Dr Ozan Ozavci is a transimperial historian—a researcher of the movement of resources (people, ideas, capital, prophylactic practices, etc.) across, in-between and beyond imperial borders, with particular reference to Europe, the Middle East and North Africa (MENA), and in the so-called age of empires (c. mid-18th to mid-20th centuries).

In 2023, Dr Ozavci started a new project on the history of global north-south public health cooperation. Funded by NWO (Dutch Research Council) Open Competition M and the Gingko Library(€360k) and European Research Council Consolidator Grant (€2m), his new research considers the factors that hindered and/or enabled sanitary internationalism, focusing not only on western Great Power politics and the inter-governmental conferences they organised, but also on the agency of medium and small powers, as well as the international sanitary councils that were established in the Middle East and North Africa.

In his early work, he explored the transmission and (re-)conceptualisation of the ideas of liberty and liberalism from Europe and North America to MENA, culminating in his first monograph, The Intellectual Origins of the Republic (Brill, 2015). He has since investigated cross-cultural encounters in MENA regions, focusing on interactions between local actors and Western diplomats, second-tier bureaucrats, journalists, and representatives of transimperial banks and financial advisers. 

His second monograph Dangerous Gifts: Imperialism, Security, and Civil Wars, 1798-1864 (Oxford University Press, 2021, paperback 2024) offers a new history of the Eastern Question.
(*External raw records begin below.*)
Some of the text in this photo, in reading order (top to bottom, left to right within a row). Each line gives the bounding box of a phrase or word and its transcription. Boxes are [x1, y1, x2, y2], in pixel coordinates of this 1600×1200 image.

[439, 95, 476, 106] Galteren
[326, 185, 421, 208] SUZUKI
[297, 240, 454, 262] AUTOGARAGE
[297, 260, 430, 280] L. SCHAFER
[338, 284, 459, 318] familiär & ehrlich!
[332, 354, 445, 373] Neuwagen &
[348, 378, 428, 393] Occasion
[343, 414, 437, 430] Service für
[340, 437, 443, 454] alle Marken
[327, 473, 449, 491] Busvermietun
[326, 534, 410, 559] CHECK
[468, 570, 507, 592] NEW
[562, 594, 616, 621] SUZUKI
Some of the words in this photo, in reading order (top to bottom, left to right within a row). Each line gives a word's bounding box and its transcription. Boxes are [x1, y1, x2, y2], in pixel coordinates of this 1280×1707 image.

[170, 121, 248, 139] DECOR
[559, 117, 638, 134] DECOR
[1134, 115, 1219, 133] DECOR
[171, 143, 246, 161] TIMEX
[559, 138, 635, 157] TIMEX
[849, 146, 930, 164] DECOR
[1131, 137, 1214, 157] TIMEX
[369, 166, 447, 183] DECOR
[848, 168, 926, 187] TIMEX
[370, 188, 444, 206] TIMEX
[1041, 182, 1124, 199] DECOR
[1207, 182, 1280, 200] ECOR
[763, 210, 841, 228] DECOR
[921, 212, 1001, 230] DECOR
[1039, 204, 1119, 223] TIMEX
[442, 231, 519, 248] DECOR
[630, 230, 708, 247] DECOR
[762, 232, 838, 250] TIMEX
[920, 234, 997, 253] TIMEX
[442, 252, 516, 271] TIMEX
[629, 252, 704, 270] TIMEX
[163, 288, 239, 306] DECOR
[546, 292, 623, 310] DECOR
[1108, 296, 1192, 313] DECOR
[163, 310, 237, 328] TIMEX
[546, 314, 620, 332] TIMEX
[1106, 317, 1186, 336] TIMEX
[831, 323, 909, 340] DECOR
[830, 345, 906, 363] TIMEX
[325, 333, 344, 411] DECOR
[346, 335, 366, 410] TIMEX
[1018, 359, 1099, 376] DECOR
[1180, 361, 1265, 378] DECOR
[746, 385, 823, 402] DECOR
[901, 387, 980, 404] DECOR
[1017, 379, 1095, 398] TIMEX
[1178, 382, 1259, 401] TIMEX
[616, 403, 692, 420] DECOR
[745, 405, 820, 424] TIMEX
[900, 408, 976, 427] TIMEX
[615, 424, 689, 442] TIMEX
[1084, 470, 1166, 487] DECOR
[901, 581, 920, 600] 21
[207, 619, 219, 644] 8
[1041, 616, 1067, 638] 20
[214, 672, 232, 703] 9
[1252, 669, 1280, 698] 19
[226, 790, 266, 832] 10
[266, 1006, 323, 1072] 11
It traces the genealogy of foreign armed interventions in the Ottoman Levant from the perspective of both American and European (Austrian, British, French, Prussian, Russian), and Ottoman (imperial elites and subjects) historical actors. Dangerous Gifts has been celebrated by top historians as a “major contribution” that “defines the state of the art” in diplomatic history, “set[ting] new standards in how future scholars should read diplomatic relations in the larger European context.” 

Dr Ozavci's third monograph The Invention of the Eastern Question: International Law, the Capitulations and Peace in the Embassies of Sir Robert Liston (Bloomsbury, exp. 2024) explains how the Russian invasion of the Crimea changed world history at the turn of the nineteenth century by triggering the most dangerous, complex and enduring issue in nineteenth-century international politics: the Eastern Question. 

Dr Ozavci is co-founder and co-convenor of The Lausanne Project, which is a forum for scholarly research (and valorisation) on the relations of MENA with the rest of the world in the interwar period and beyond. In 2023, he co-edited (with Jonathan Conlin) a volume titled They All Made Peace - What’s Peace? The 1923 Lausanne Treaty and the New Imperial Order (Gingko), which brings together top historians to re-narrate the history of the Lausanne Peace Conference and the world around it. The Lausanne Project’s programmes include fortnightly publication of blog posts and podcasts, exhibitions, online galleries as well as a teaching package for high school teachers and students in Greece and Turkey. 

In 2024, Dr Ozavci co-authored the graphic novel De la lumière a l’ombre with Julia Secklehner and Jonathan Conlin, and artist Gökçe Erverdi. The novel presents the history of peace-making in the inter-war period through the lens of Hacivat and Karagöz, characters from a shadow puppet theatre, offering a blend of entertainment and thoughtful reflection. 

In 2022, Dr Ozavci initiated and co-founded the Security History Network together with Beatrice de Graaf and Erik de Lange. The three will publish a jointly edited book in 2024 titled Securing Empire: Imperial Cooperation and Competition in the Nineteenth Century (Bloomsbury).

Dr Ozavci has been a core member of the inter-faculty Contesting Governance Platform , a member of the Equality, Diversity and Inclusion Committee of the Faculty of Humanities, a fellow of the Centre for Global Challenges and the strategic developer of its International Community Engaged Learning Lab at Utrecht University.